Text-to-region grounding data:
:::

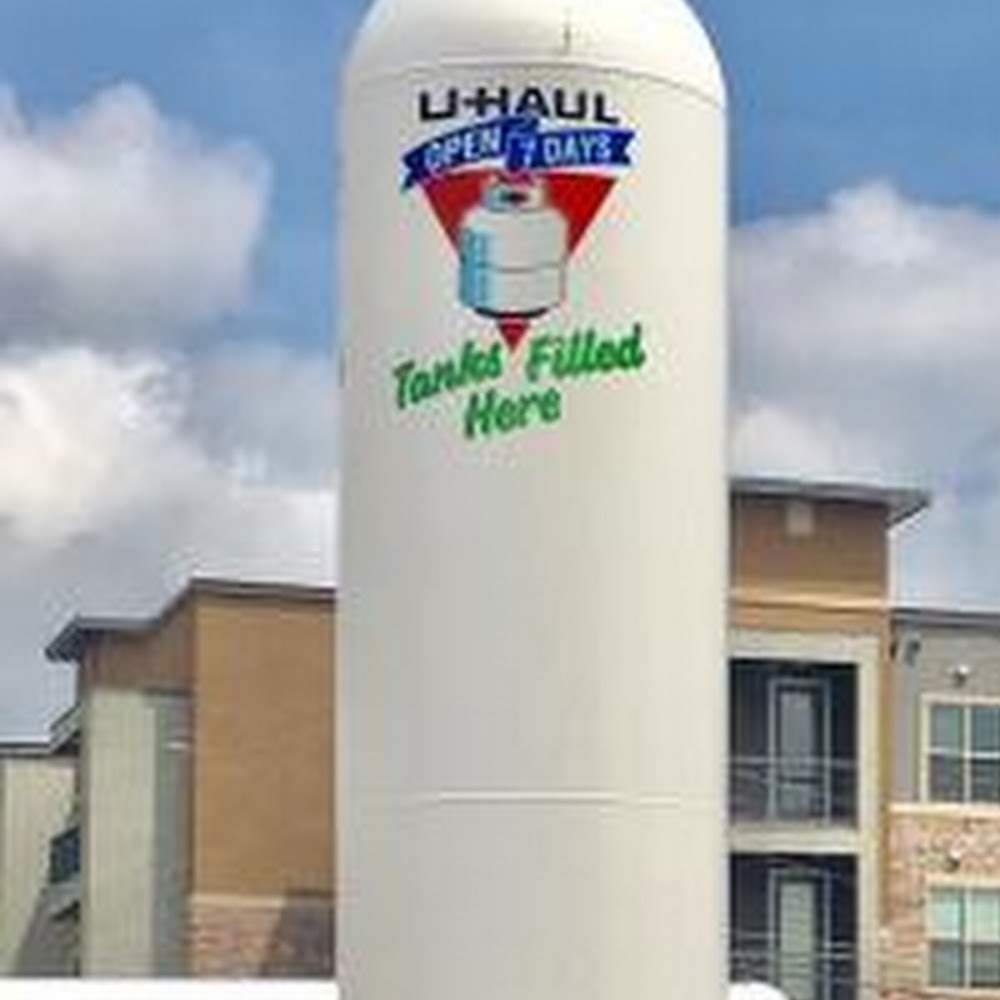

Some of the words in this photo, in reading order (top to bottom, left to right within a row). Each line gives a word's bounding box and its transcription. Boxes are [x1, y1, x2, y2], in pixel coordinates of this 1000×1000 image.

[419, 85, 620, 124] U-HAUL
[424, 126, 499, 170] OPEN
[543, 131, 612, 163] DAYS
[393, 340, 503, 409] Tanks
[525, 322, 646, 382] Filled
[464, 386, 562, 439] Here
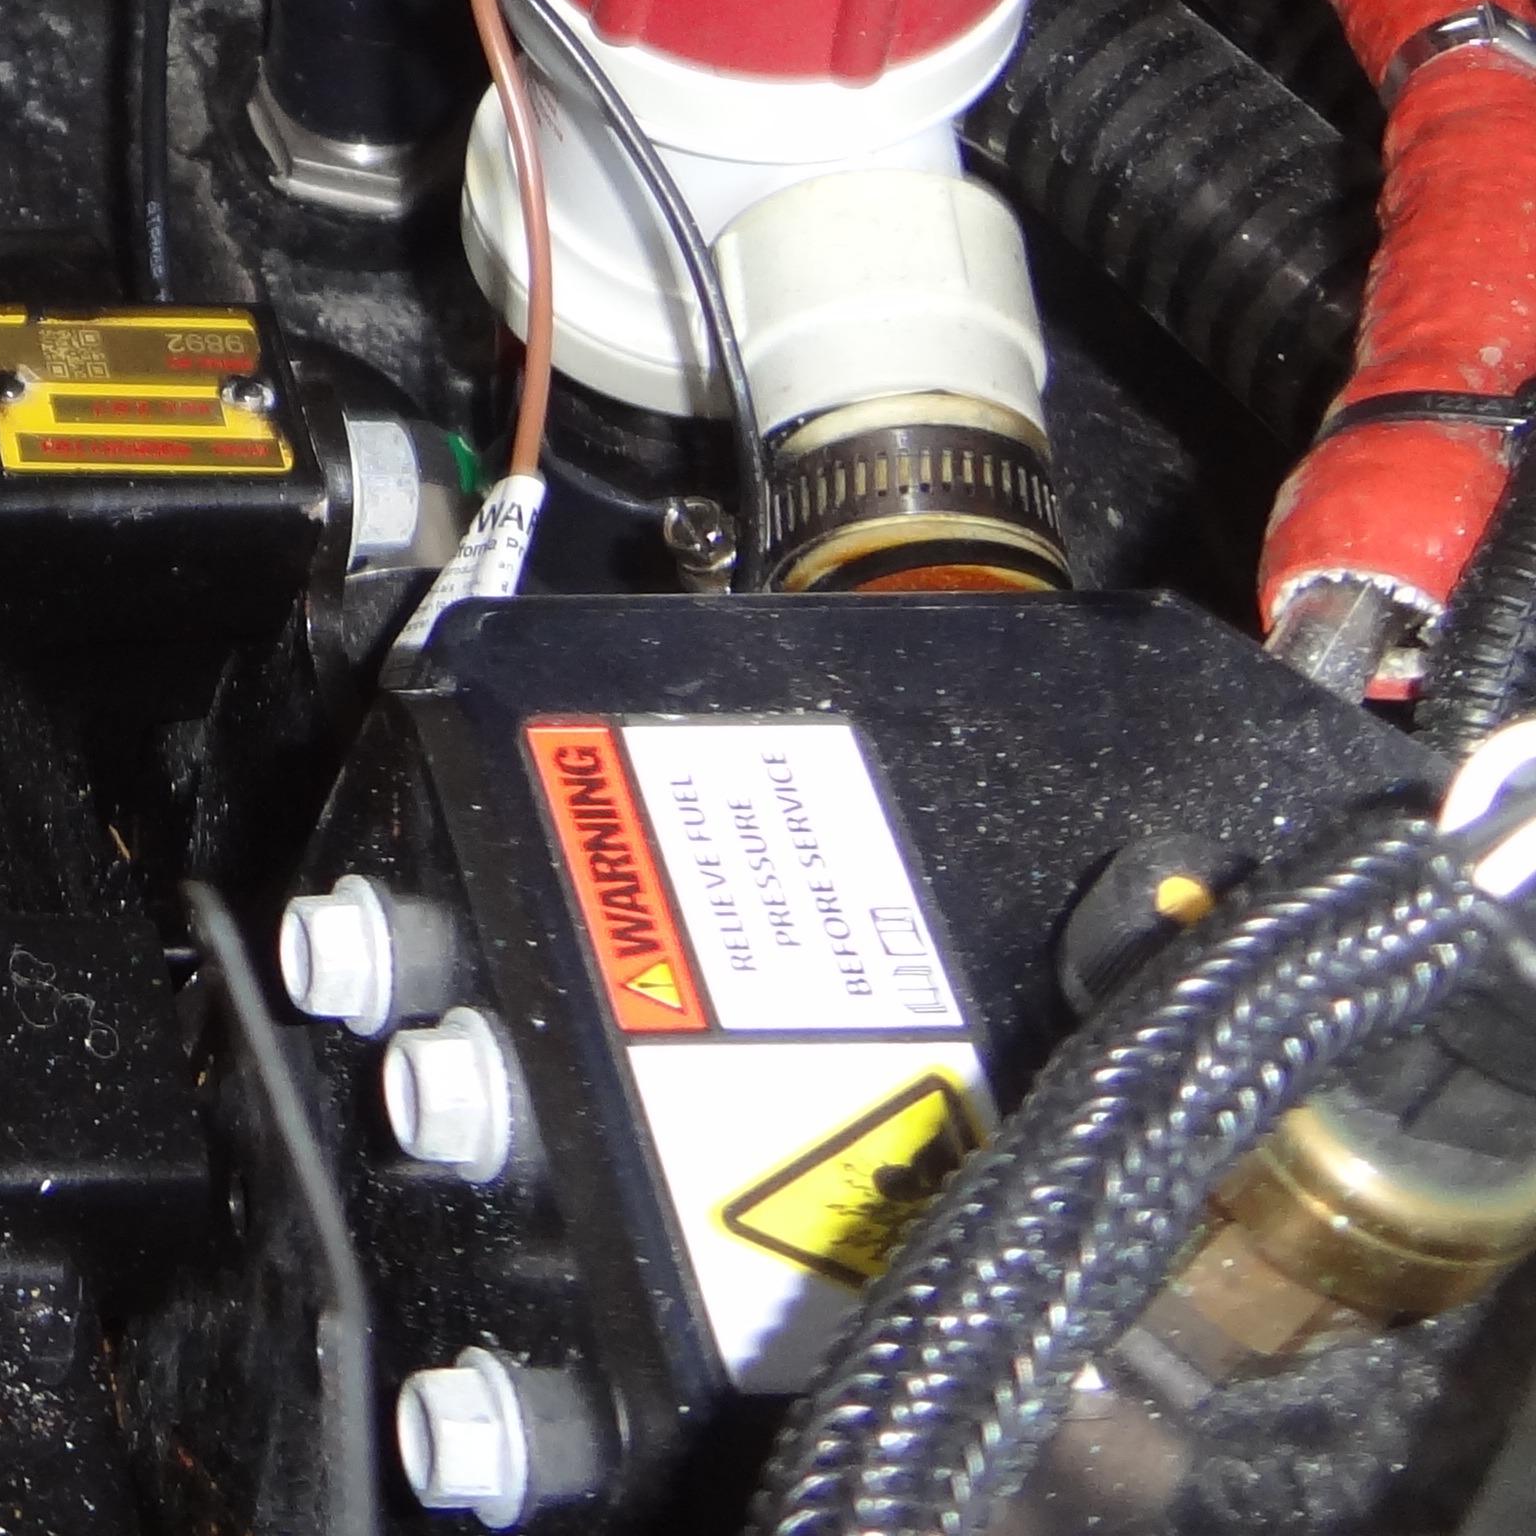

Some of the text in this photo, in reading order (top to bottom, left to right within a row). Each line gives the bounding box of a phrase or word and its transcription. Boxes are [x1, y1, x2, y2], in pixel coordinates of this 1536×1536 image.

[164, 332, 246, 354] 9892
[553, 743, 656, 960] WARNING
[669, 772, 757, 974] RELIEVE FUEL
[726, 794, 801, 950] PRESSURE
[761, 749, 876, 999] BEFORE SERVICE
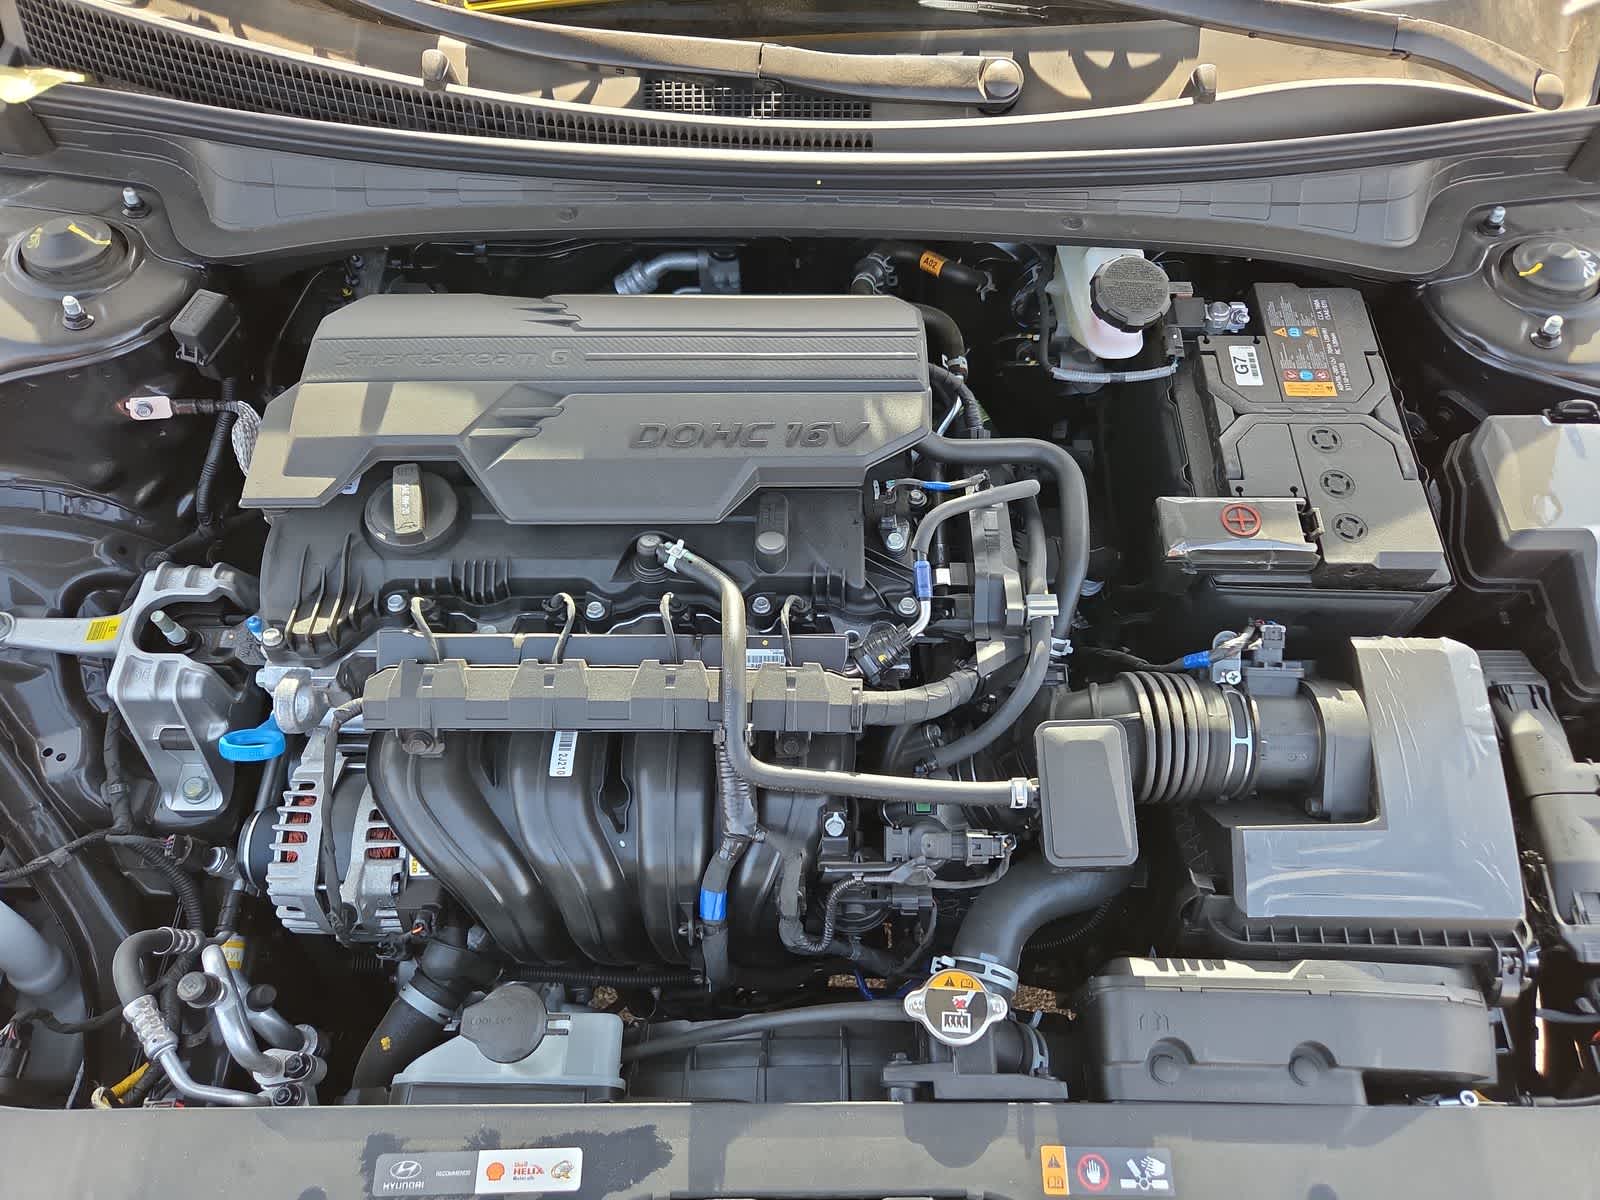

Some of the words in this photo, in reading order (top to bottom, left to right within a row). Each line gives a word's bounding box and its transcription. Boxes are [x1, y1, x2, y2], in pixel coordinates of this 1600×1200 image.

[334, 349, 540, 369] Smartstream
[545, 348, 570, 368] G
[1233, 356, 1249, 375] G7
[629, 421, 776, 449] DOHC
[785, 421, 871, 449] 16V
[555, 753, 569, 776] 2J210
[513, 1167, 544, 1176] HELIX
[382, 1181, 424, 1191] HYUNDAI

:::

Exercise directions: Since pictures are not part of the copy, set down only the remaining data exactly.

Response for this exercise:
Some of the words in this photo, in reading order (top to bottom, left to right within a row). Each line gives a word's bounding box and its transcription. Boxes are [x1, y1, x2, y2], in pixel coordinates of this 1000×1000 image.

[419, 85, 620, 124] U-HAUL
[424, 126, 499, 170] OPEN
[543, 131, 612, 163] DAYS
[393, 340, 503, 409] Tanks
[525, 322, 646, 382] Filled
[464, 386, 562, 439] Here

Some of the text in this photo, in reading order (top to bottom, left to right within a row). Each line gives the bounding box of a phrase or word and its transcription. Boxes are [x1, y1, x2, y2], in pixel coordinates of this 1536×1536 image.

[164, 332, 246, 354] 9892
[553, 743, 656, 960] WARNING
[669, 772, 757, 974] RELIEVE FUEL
[726, 794, 801, 950] PRESSURE
[761, 749, 876, 999] BEFORE SERVICE

Some of the words in this photo, in reading order (top to bottom, left to right within a row). Each line gives a word's bounding box and its transcription. Boxes are [x1, y1, x2, y2], in pixel coordinates of this 1600×1200 image.

[334, 349, 540, 369] Smartstream
[545, 348, 570, 368] G
[1233, 356, 1249, 375] G7
[629, 421, 776, 449] DOHC
[785, 421, 871, 449] 16V
[555, 753, 569, 776] 2J210
[513, 1167, 544, 1176] HELIX
[382, 1181, 424, 1191] HYUNDAI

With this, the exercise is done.